Usually, it's a less than ideal remedy to try to dose your plants to alleviate a 'suspected' deficiency of any particular nutrient because of how easily it can affect uptake of one or more other essential nutrients. This is true whether we're growing in containers or in the ground (mineral soils), but probably a harder rule when it comes to growing in containers.

When it comes to the objectives of supplementing plant nutrition, and in order to be on target, it's difficult to argue with the idea that our focus should be on ensuring all the nutrients plants normally assimilate from the soil are A) IN the soil and available for uptake at all times, B) in the soil in a favorable ratio - that is to say in a ratio that mimics the ratio at which the plant actually uses the nutrient, C) at a concentration high enough to ensure no nutritional deficiencies, yet still low enough to ensure the plant's ability to take up water efficiently, and the nutrients dissolved in that water won't be impeded (by a high concentration of solubles in the soil solution).

(B emphasized in the paragraph above because the RATIO of nutrients in the soil, each individually to the others collectively, is very important because of how nutritional antagonisms work. We know using too much magnesium (from Epsom salts) can limit uptake of potassium and especially calcium, which is critical to normal cell formation. Those who feel they regularly need a bloom booster fertilizer (excessively high in phosphorous) run the risk of causing deficiencies of potassium, calcium, copper, zinc, and especially iron.
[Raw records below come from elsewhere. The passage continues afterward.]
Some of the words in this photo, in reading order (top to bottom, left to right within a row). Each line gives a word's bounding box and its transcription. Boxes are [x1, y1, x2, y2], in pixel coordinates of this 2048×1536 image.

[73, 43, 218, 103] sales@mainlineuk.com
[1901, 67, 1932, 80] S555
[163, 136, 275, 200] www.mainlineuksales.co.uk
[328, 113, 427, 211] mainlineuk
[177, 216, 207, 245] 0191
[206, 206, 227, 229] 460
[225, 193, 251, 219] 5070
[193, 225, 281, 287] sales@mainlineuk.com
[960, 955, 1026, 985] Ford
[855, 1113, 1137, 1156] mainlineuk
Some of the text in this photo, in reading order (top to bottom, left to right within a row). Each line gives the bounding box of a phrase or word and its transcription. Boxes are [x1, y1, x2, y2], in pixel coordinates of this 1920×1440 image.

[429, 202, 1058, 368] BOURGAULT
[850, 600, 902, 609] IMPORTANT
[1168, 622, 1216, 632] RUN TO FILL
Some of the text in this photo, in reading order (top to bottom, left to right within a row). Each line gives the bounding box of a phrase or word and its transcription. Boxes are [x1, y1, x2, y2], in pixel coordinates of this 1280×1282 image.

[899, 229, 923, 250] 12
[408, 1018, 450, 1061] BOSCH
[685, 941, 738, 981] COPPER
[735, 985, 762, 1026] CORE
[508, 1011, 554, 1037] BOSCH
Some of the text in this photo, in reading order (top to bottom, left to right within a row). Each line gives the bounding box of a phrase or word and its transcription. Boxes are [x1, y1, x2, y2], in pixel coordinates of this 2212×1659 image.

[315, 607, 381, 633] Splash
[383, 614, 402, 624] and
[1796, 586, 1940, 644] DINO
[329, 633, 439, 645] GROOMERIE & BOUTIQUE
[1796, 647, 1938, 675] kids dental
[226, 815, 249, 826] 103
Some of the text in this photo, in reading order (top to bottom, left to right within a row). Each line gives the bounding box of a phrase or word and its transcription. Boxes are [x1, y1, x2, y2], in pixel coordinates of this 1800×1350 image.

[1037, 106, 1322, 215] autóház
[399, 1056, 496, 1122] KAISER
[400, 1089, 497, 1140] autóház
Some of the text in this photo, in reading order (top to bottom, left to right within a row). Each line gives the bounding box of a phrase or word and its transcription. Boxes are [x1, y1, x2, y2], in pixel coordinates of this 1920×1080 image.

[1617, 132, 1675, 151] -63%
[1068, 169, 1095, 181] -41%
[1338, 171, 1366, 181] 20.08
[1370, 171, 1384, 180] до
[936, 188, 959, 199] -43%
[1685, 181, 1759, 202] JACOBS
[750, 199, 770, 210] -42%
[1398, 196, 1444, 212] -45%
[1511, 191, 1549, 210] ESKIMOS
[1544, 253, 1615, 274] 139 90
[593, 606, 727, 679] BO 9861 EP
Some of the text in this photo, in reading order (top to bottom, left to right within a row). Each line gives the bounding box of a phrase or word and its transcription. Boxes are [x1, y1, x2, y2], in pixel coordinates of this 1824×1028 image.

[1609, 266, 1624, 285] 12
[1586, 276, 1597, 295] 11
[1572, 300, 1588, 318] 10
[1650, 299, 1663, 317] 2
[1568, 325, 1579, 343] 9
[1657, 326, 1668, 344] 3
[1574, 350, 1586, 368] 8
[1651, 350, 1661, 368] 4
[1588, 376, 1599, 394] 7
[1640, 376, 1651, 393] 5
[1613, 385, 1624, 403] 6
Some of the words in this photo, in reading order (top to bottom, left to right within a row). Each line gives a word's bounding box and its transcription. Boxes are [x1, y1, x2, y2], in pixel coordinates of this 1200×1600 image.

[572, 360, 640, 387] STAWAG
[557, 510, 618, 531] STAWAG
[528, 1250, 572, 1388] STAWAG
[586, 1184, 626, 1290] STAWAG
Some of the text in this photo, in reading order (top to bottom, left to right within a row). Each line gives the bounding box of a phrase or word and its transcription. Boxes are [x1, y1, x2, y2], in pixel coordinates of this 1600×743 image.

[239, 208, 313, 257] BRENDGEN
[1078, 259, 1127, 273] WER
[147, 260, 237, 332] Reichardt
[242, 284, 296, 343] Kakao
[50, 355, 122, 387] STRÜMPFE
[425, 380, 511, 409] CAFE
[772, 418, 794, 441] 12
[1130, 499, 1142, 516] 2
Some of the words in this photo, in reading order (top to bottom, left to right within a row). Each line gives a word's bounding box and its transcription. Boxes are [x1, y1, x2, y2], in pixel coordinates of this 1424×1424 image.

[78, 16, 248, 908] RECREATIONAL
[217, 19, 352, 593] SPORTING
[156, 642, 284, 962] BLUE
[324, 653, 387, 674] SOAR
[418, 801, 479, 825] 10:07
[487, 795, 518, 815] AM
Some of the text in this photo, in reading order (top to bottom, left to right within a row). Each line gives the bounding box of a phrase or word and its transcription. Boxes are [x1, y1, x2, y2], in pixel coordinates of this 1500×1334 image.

The 'take-away' from the concept that nutrient A can cause a deficiency of nutrient B is the fact that the ratio of nutrients in the soil is a critical part of managing fertility. The best way to avoid that problem is to avoid the temptation to provide your plant with something aimed at a particular nutrient or two, and to use a fertilizer that closely mimics the ratio at which the plant actually uses the nutrients. A very high % of houseplants do best using a fertilizer with a ratio of 3:1:2. The ratio is different than the NPK %s. Fertilizers with NPK %s of 24-8-16, 12-4-8, and 9-3-6 are all 3:1:2 RATIO products. Foliage-Pro 9-3-6 is a superb 'go to' product for almost anything you'd grow in a container.
Thumb of 2023-09-07/tapla/f19792
It's a complete nutritional supplementation program from a singular package and has many attributes not commonly found in other fertilizer products. Ask if interested.

When it comes to mineral soils, and without a soil test, growers are flying blind - no way to know what's appropriate and what isn't. For containerized plants, fertilizing is monkey-easy if you are watering correctly. If you aren't or can't water correctly (so you're regularly flushing the soil) you lose almost all control (over what your plants get in terms of nutrients and when they get them) you would automatically have if you're watering correctly.

Al
* Employ your time in improving yourself by other men's writings, so that you shall gain easily what others have labored hard for. ~ Socrates
* Change might not always bring growth, but there is no growth without change.
* Mother Nature always sides with the hidden flaw.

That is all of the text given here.